GLP-1(7-36) Acetate is a major intestinal hormone that stimulates glucose-induced insulin secretion from β cells.

Cells exposed to phorbol 12-myristate 13-acetate for 2 hours exhibited significantly enhanced GLP-1(7-36) levels compared to untreated controls. Similarly, glucose exposure augmented GLP-1 secretion in a dose-responsive manner. Fatty acids, including palmitic, oleic, linoleic, and linolenic acids, also elevated GLP-1 secretion dose-dependently, with unsaturated fatty acids (oleic, linoleic, and linolenic acids) proving more potent than saturated palmitic acid. Furthermore, treatment with CPE on NCI-H716 cells led to a dose-dependent increase in GLP-1 levels, with a notable 37% rise at 0.1% CPE concentration[1].

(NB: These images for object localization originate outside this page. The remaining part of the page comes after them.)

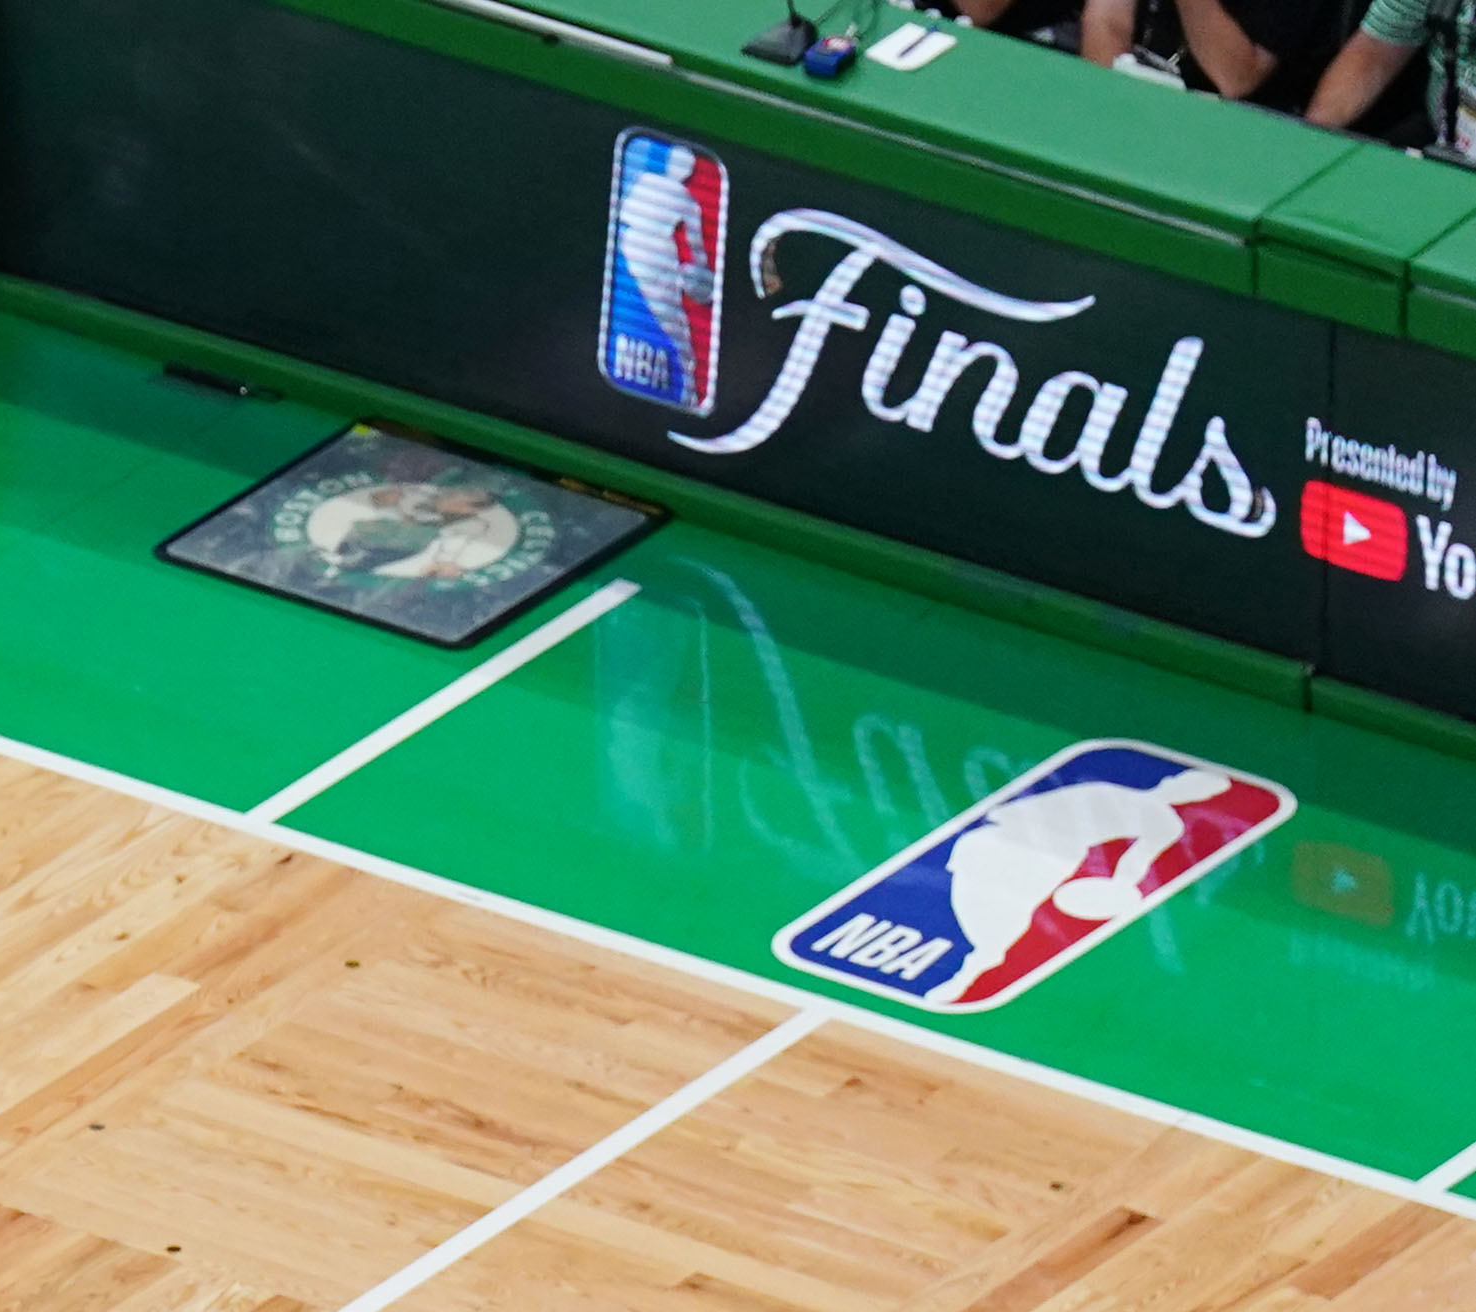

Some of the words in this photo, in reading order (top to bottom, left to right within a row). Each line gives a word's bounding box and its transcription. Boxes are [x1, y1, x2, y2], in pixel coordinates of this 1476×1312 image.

[613, 332, 670, 391] NBA
[667, 206, 1277, 538] Finals
[1304, 416, 1425, 497] Presented
[1425, 452, 1458, 512] by
[810, 911, 954, 981] NBA

Administering glucose via the stomach elevates active GLP-1(7-36) amide levels in portal blood within 10 minutes, showing a significant reduction at 30 minutes. Similarly, gastric TO administration also boosts active GLP-1 levels at 10 minutes, with levels returning to baseline at 60 minutes. Both glucose and TO independently enhance GLP-1 secretion in a dose-responsive manner, with their combined administration synergistically elevating peak GLP-1 concentrations. Mice treated with CPE exhibit increased active GLP-1 levels at 10 and 30 minutes compared to control mice. Additionally, CPE treatment results in slightly elevated levels of both active GLP-1 and insulin in portal blood post-glucose administration versus controls. Mice fed a high-fat diet, specifically C57BL/6J strain, exhibit hyperglycemia and diminished glucose tolerance[1].